> [EXERCISE GOAL] Omitting all pictures, copy word for word the lines from the line containing "this 1600×900 image." through the final line of the entries.

Collected data
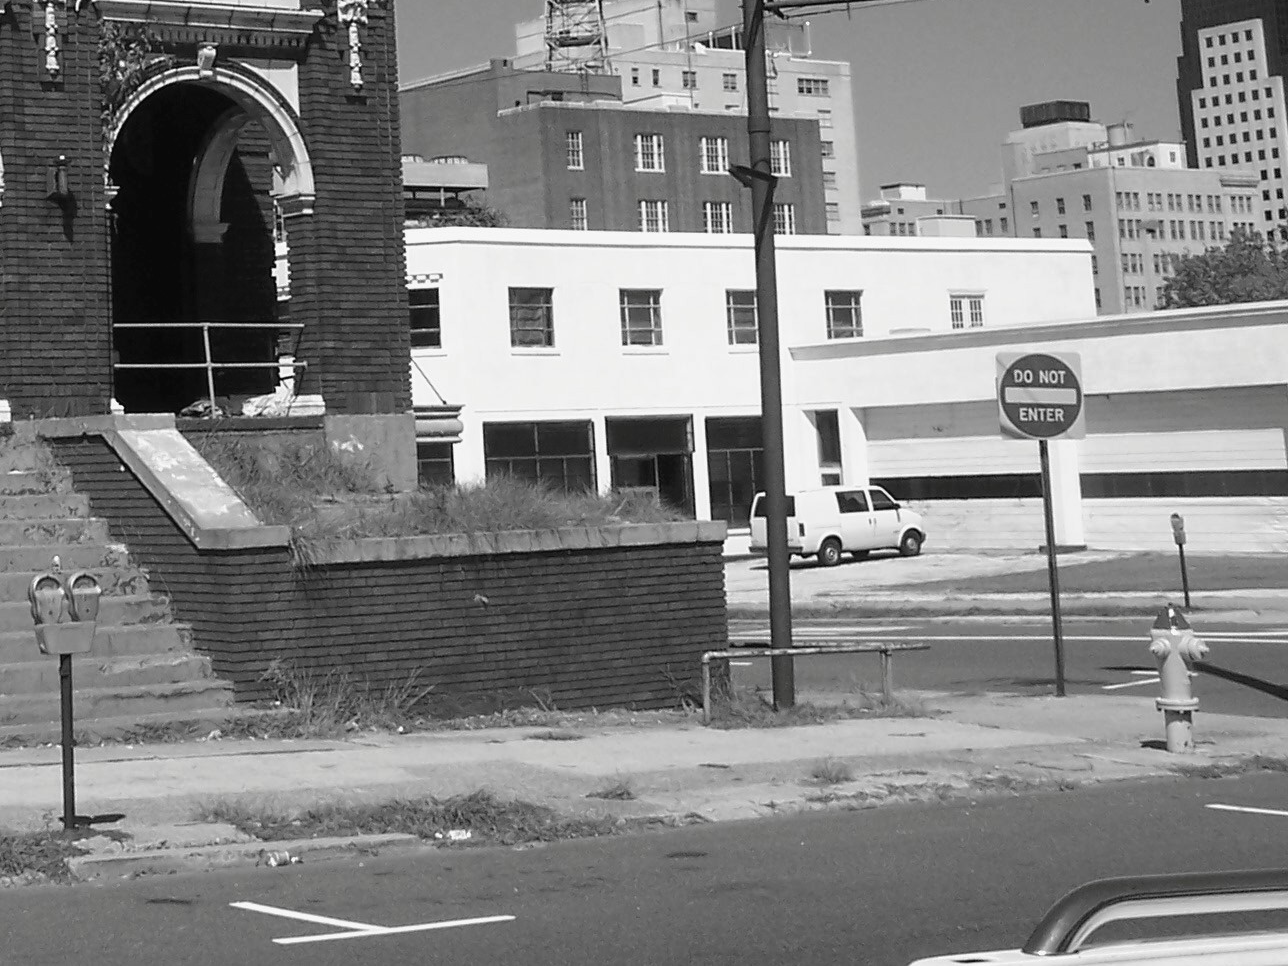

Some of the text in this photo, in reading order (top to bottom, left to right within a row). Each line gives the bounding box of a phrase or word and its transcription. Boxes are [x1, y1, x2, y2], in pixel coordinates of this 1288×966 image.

[1014, 369, 1066, 384] DO NOT
[1019, 407, 1064, 422] ENTER
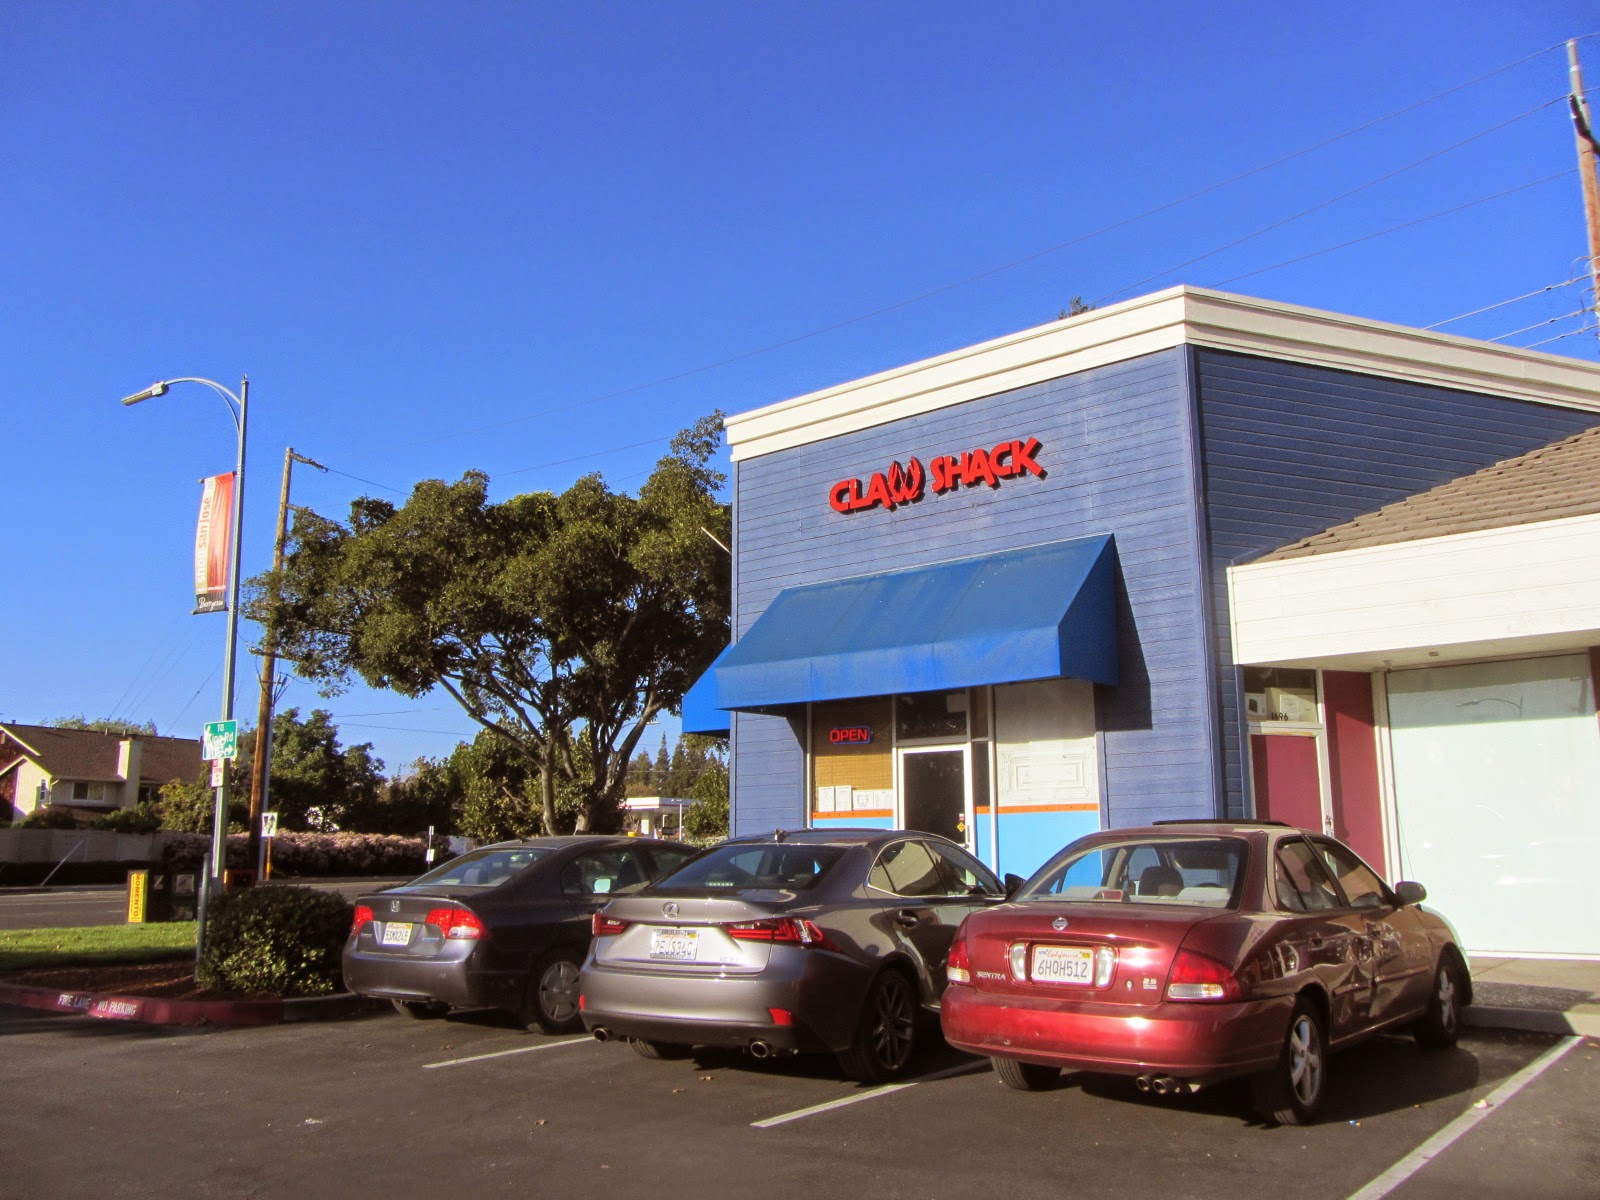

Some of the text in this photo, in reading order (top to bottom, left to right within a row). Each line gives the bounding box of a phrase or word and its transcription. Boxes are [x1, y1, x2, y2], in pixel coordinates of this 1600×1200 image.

[829, 437, 1044, 512] CLAW SHACK
[830, 729, 868, 742] OPEN
[1047, 949, 1078, 959] California
[976, 971, 1006, 980] SENTRA
[58, 994, 73, 1007] FIRE
[97, 1000, 108, 1011] NO
[109, 1001, 137, 1015] PARKING
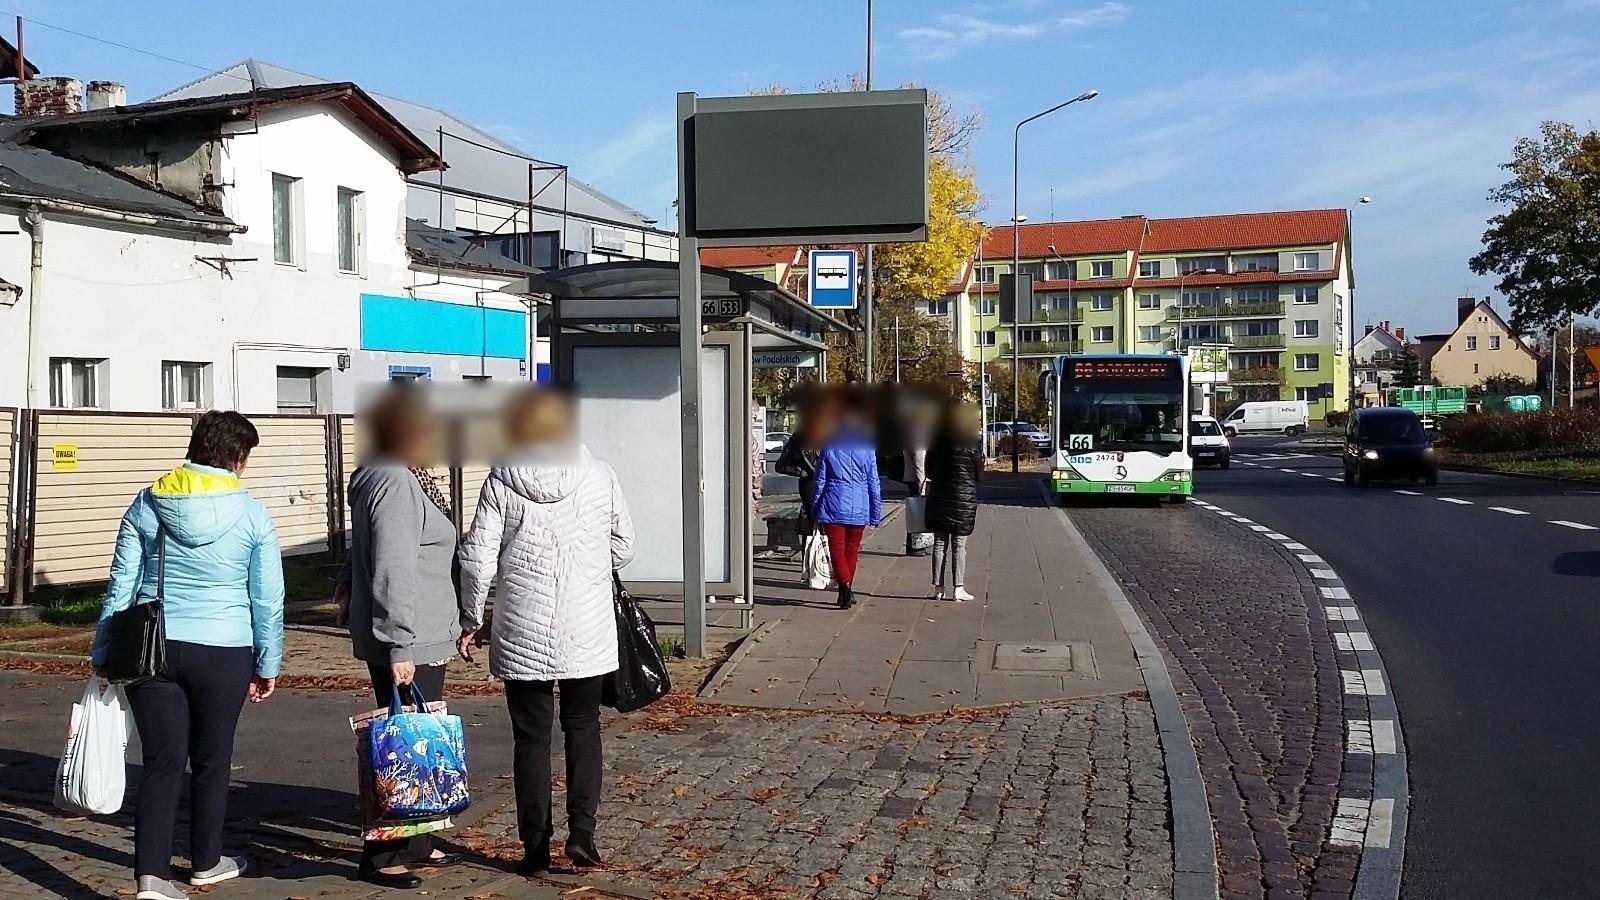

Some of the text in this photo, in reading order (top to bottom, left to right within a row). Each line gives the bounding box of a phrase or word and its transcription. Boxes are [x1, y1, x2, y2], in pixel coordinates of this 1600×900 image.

[703, 301, 739, 314] 66 533
[763, 354, 800, 364] Podolskich
[1073, 436, 1089, 449] 66
[56, 450, 75, 458] UWAGA!
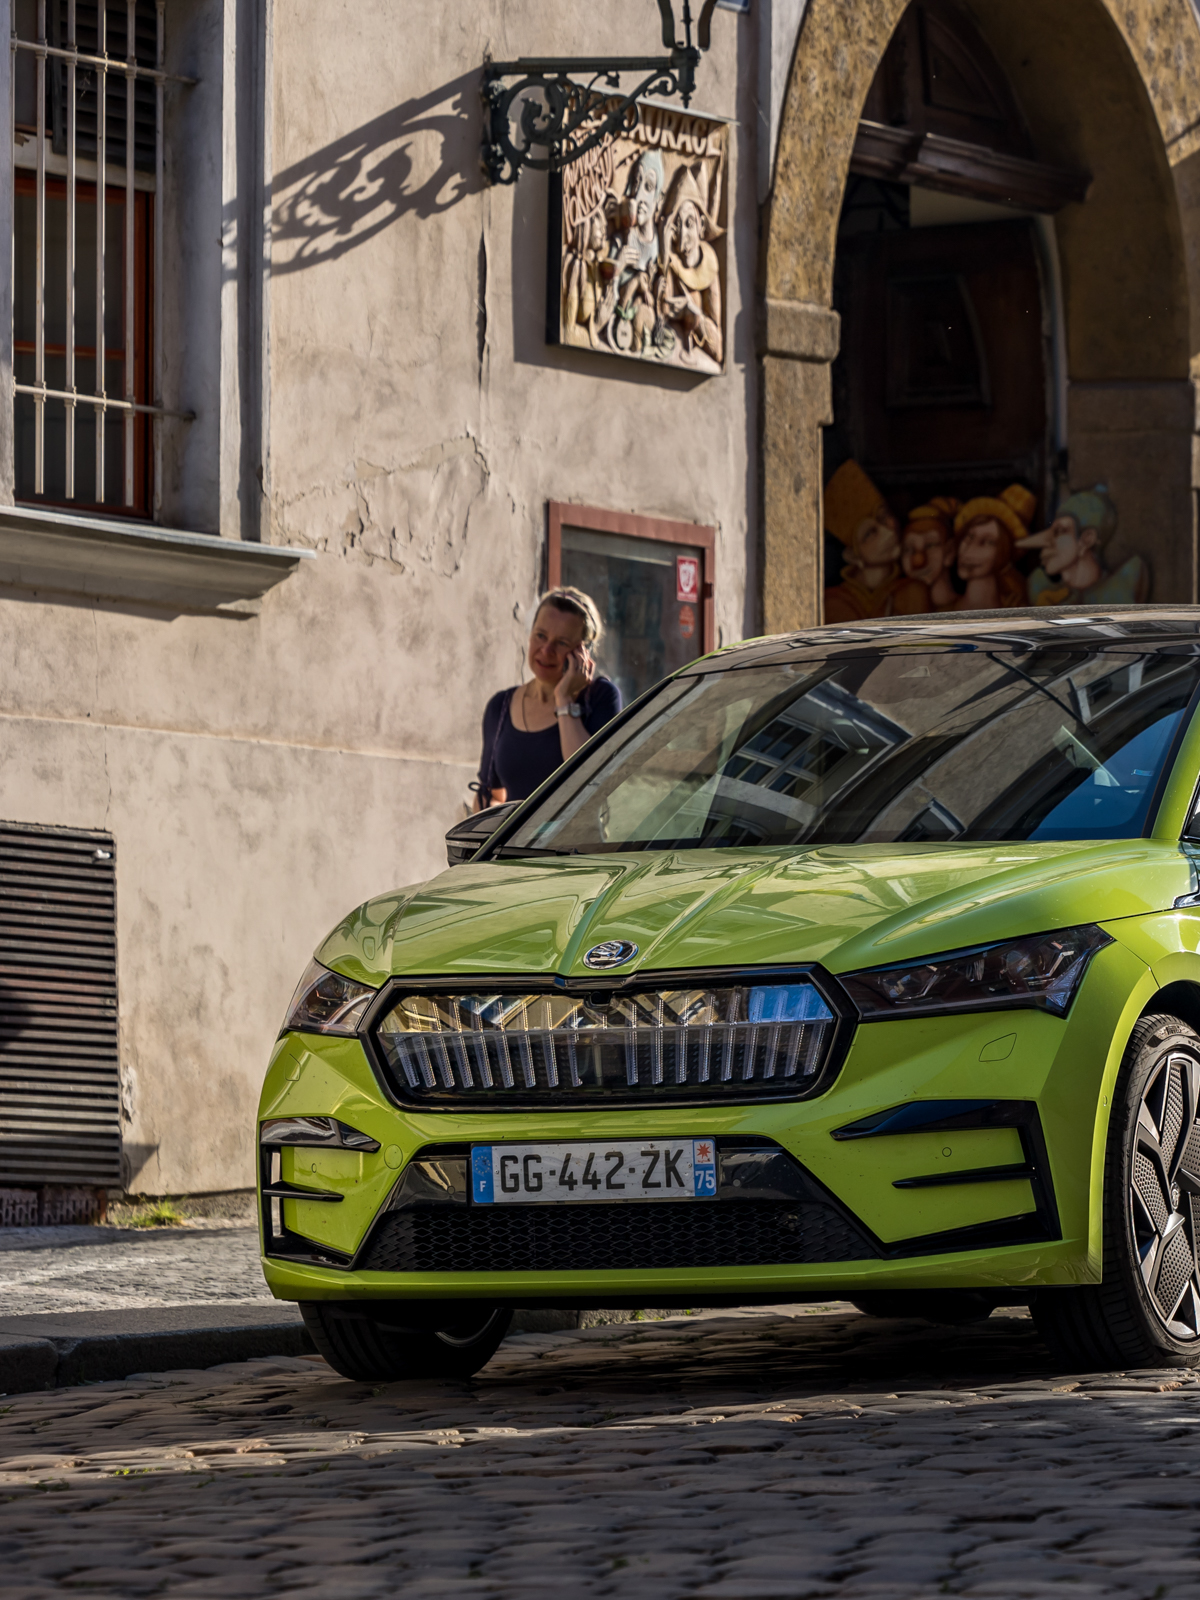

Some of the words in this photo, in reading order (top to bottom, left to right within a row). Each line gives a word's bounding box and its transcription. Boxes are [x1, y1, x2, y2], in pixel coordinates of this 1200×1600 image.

> [OUTPUT OF THE EXERCISE]
Some of the text in this photo, in reading order (top to bottom, left to right within a row). Each line gives the bounding box of a phrase or word and its transcription. Boxes are [x1, y1, x2, y2], in pixel coordinates of this 1600×900 image.

[703, 301, 739, 314] 66 533
[763, 354, 800, 364] Podolskich
[1073, 436, 1089, 449] 66
[56, 450, 75, 458] UWAGA!

Some of the words in this photo, in reading order (top to bottom, left to right within a row). Each line gives a word's bounding box and its transcription. Boxes are [x1, y1, x2, y2], in pixel coordinates of this 1200×1600 image.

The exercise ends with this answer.